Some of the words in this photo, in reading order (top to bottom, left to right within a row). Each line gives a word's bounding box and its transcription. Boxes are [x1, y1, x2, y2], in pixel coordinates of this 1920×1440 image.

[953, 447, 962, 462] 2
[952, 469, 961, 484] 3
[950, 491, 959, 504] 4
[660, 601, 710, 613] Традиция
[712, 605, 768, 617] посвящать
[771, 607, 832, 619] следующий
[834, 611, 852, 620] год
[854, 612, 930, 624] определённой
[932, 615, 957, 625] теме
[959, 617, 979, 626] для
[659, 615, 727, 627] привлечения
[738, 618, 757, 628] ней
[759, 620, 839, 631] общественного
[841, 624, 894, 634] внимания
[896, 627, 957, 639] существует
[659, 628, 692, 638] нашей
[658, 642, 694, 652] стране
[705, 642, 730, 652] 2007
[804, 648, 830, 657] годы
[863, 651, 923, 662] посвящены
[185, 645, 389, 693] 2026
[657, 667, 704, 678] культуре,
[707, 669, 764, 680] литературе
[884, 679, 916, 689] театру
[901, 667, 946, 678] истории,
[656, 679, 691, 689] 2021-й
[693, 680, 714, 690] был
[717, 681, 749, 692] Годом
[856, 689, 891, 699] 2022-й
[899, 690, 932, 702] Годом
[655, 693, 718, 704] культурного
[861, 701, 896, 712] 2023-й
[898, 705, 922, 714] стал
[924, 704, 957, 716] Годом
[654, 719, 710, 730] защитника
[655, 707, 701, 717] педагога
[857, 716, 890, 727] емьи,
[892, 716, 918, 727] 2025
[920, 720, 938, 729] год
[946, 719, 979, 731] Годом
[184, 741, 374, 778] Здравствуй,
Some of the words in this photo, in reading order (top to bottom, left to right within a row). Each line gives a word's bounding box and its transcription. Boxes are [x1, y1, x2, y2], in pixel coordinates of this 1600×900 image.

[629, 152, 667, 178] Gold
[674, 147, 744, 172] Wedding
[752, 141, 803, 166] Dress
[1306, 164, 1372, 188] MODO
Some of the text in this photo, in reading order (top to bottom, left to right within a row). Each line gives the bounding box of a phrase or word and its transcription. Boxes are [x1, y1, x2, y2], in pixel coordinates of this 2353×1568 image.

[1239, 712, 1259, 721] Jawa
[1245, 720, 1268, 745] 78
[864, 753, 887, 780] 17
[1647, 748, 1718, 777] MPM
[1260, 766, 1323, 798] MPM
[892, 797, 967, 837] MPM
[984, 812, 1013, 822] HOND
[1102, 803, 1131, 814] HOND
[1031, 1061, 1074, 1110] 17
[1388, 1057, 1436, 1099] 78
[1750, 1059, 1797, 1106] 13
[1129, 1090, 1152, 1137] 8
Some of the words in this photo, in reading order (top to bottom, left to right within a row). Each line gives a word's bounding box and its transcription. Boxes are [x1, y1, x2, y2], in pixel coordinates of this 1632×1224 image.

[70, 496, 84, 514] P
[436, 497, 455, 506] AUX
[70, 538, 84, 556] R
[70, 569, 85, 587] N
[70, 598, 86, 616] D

• • • •

● TASK BRIEF
Reproduce every entry above without a single alteration.

● TASK OUTPUT
Some of the words in this photo, in reading order (top to bottom, left to right within a row). Each line gives a word's bounding box and its transcription. Boxes are [x1, y1, x2, y2], in pixel coordinates of this 1920×1440 image.

[953, 447, 962, 462] 2
[952, 469, 961, 484] 3
[950, 491, 959, 504] 4
[660, 601, 710, 613] Традиция
[712, 605, 768, 617] посвящать
[771, 607, 832, 619] следующий
[834, 611, 852, 620] год
[854, 612, 930, 624] определённой
[932, 615, 957, 625] теме
[959, 617, 979, 626] для
[659, 615, 727, 627] привлечения
[738, 618, 757, 628] ней
[759, 620, 839, 631] общественного
[841, 624, 894, 634] внимания
[896, 627, 957, 639] существует
[659, 628, 692, 638] нашей
[658, 642, 694, 652] стране
[705, 642, 730, 652] 2007
[804, 648, 830, 657] годы
[863, 651, 923, 662] посвящены
[185, 645, 389, 693] 2026
[657, 667, 704, 678] культуре,
[707, 669, 764, 680] литературе
[884, 679, 916, 689] театру
[901, 667, 946, 678] истории,
[656, 679, 691, 689] 2021-й
[693, 680, 714, 690] был
[717, 681, 749, 692] Годом
[856, 689, 891, 699] 2022-й
[899, 690, 932, 702] Годом
[655, 693, 718, 704] культурного
[861, 701, 896, 712] 2023-й
[898, 705, 922, 714] стал
[924, 704, 957, 716] Годом
[654, 719, 710, 730] защитника
[655, 707, 701, 717] педагога
[857, 716, 890, 727] емьи,
[892, 716, 918, 727] 2025
[920, 720, 938, 729] год
[946, 719, 979, 731] Годом
[184, 741, 374, 778] Здравствуй,
Some of the words in this photo, in reading order (top to bottom, left to right within a row). Each line gives a word's bounding box and its transcription. Boxes are [x1, y1, x2, y2], in pixel coordinates of this 1600×900 image.

[629, 152, 667, 178] Gold
[674, 147, 744, 172] Wedding
[752, 141, 803, 166] Dress
[1306, 164, 1372, 188] MODO
Some of the text in this photo, in reading order (top to bottom, left to right within a row). Each line gives the bounding box of a phrase or word and its transcription. Boxes are [x1, y1, x2, y2], in pixel coordinates of this 2353×1568 image.

[1239, 712, 1259, 721] Jawa
[1245, 720, 1268, 745] 78
[864, 753, 887, 780] 17
[1647, 748, 1718, 777] MPM
[1260, 766, 1323, 798] MPM
[892, 797, 967, 837] MPM
[984, 812, 1013, 822] HOND
[1102, 803, 1131, 814] HOND
[1031, 1061, 1074, 1110] 17
[1388, 1057, 1436, 1099] 78
[1750, 1059, 1797, 1106] 13
[1129, 1090, 1152, 1137] 8
Some of the words in this photo, in reading order (top to bottom, left to right within a row). Each line gives a word's bounding box and its transcription. Boxes are [x1, y1, x2, y2], in pixel coordinates of this 1632×1224 image.

[70, 496, 84, 514] P
[436, 497, 455, 506] AUX
[70, 538, 84, 556] R
[70, 569, 85, 587] N
[70, 598, 86, 616] D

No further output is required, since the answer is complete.